Prostitusi liar di ruang terbuka di wilayah Jakarta menjadi fenomena yang terus diperbincangkan. Prostitusi tersebut, yang tidak terkendali meskipun telah beberapa kali ditertibkan, bahkan dilakukan di tepi jalan-jalan utama. Sederet aktivitas prostitusi liar, seperti yang terjadi di Ruang Terbuka Hijau (RTH) Jalan Tubagus Angke dan Gang Royal, Tambora, telah menjadi topik yang klasik. Baru-baru ini, kasus prostitusi sesama jenis (gay) pun terjadi di taman Jalan Daan Mogot, Jakarta Barat, yang menyebabkan dua pelaku diamankan.
Fenomena prostitusi di ruang terbuka ini menuai pertanyaan tentang fungsi sebenarnya dari ruang terbuka, efektivitas penertiban, dan kontrol sosial. Hal ini menimbulkan pertanyaan apakah penambahan RTH di Jakarta malah memberi kesempatan baru bagi pelaku prostitusi untuk meluaskan praktiknya. Selain itu, penertiban tempat prostitusi liar di satu lokasi hanya akan membuat praktik tersebut bergeser mencari tempat baru.

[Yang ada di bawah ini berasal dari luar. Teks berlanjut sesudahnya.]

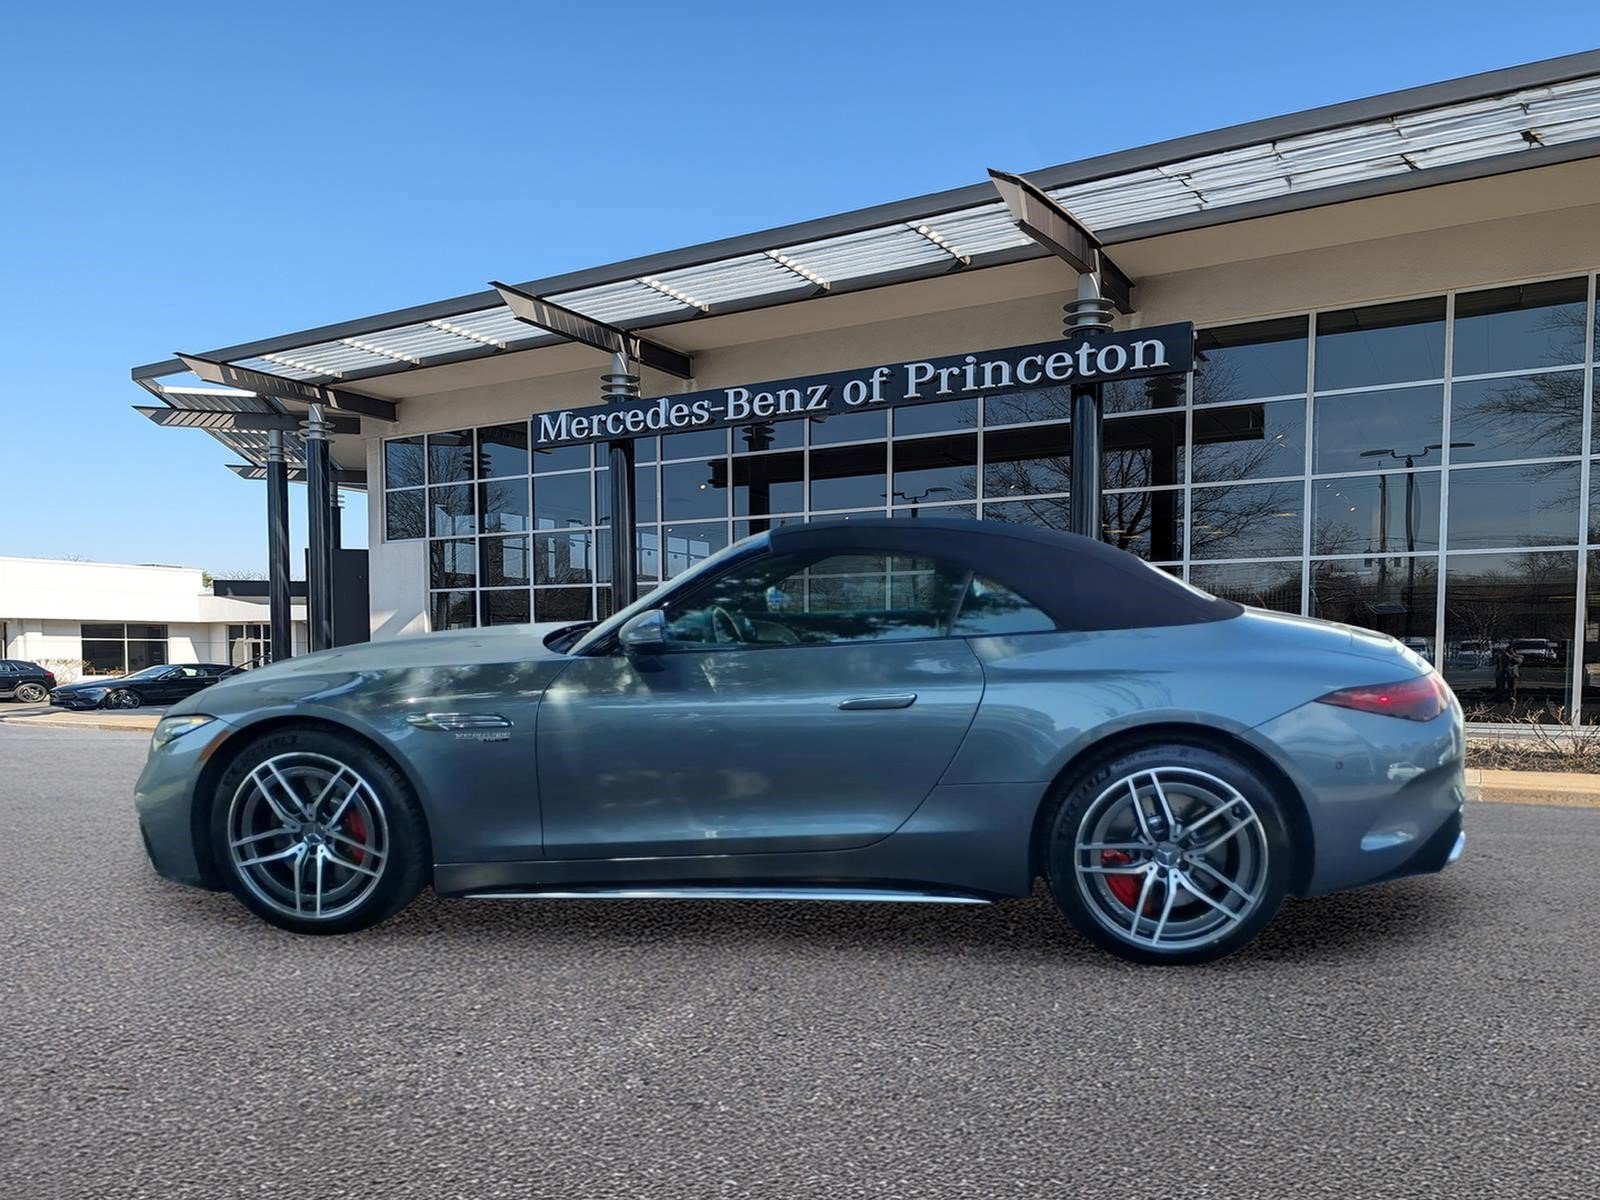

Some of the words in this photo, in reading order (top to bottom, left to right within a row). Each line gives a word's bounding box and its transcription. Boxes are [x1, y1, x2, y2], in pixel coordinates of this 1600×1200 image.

[537, 384, 829, 443] Mercedes-Benz
[843, 367, 893, 405] of
[903, 338, 1169, 399] Princeton

Pada tahun 2025, upaya pemberantasan prostitusi liar pernah dilakukan di RTH Jalan Tubagus Angke. Lokasi ini viral karena ditemukan kondom berserakan di sepanjang RTH tersebut. Penertiban dilakukan saat para pekerja seks komersial (PSK) ilegal sedang beroperasi mencari pelanggan. Beberapa PSK berhasil diamankan, meskipun ada yang berusaha kabur. Selain itu, tenda-tenda nonpermanen tempat para PSK melayani pelanggan juga dibongkar.
Penertiban prostitusi liar juga dilanjutkan ke area Gang Royal, tempat prostitusi dilakukan di lapak-lapak di pinggir rel kereta api. Saat petugas tiba, para PSK berusaha kabur. Beberapa pria berpakaian sipil terlihat mencoba melindungi PSK dari petugas. Adu mulut antara pria pelindung PSK dan awak media terjadi, menunjukkan kompleksitas dari permasalahan prostitusi di ruang terbuka Jakarta.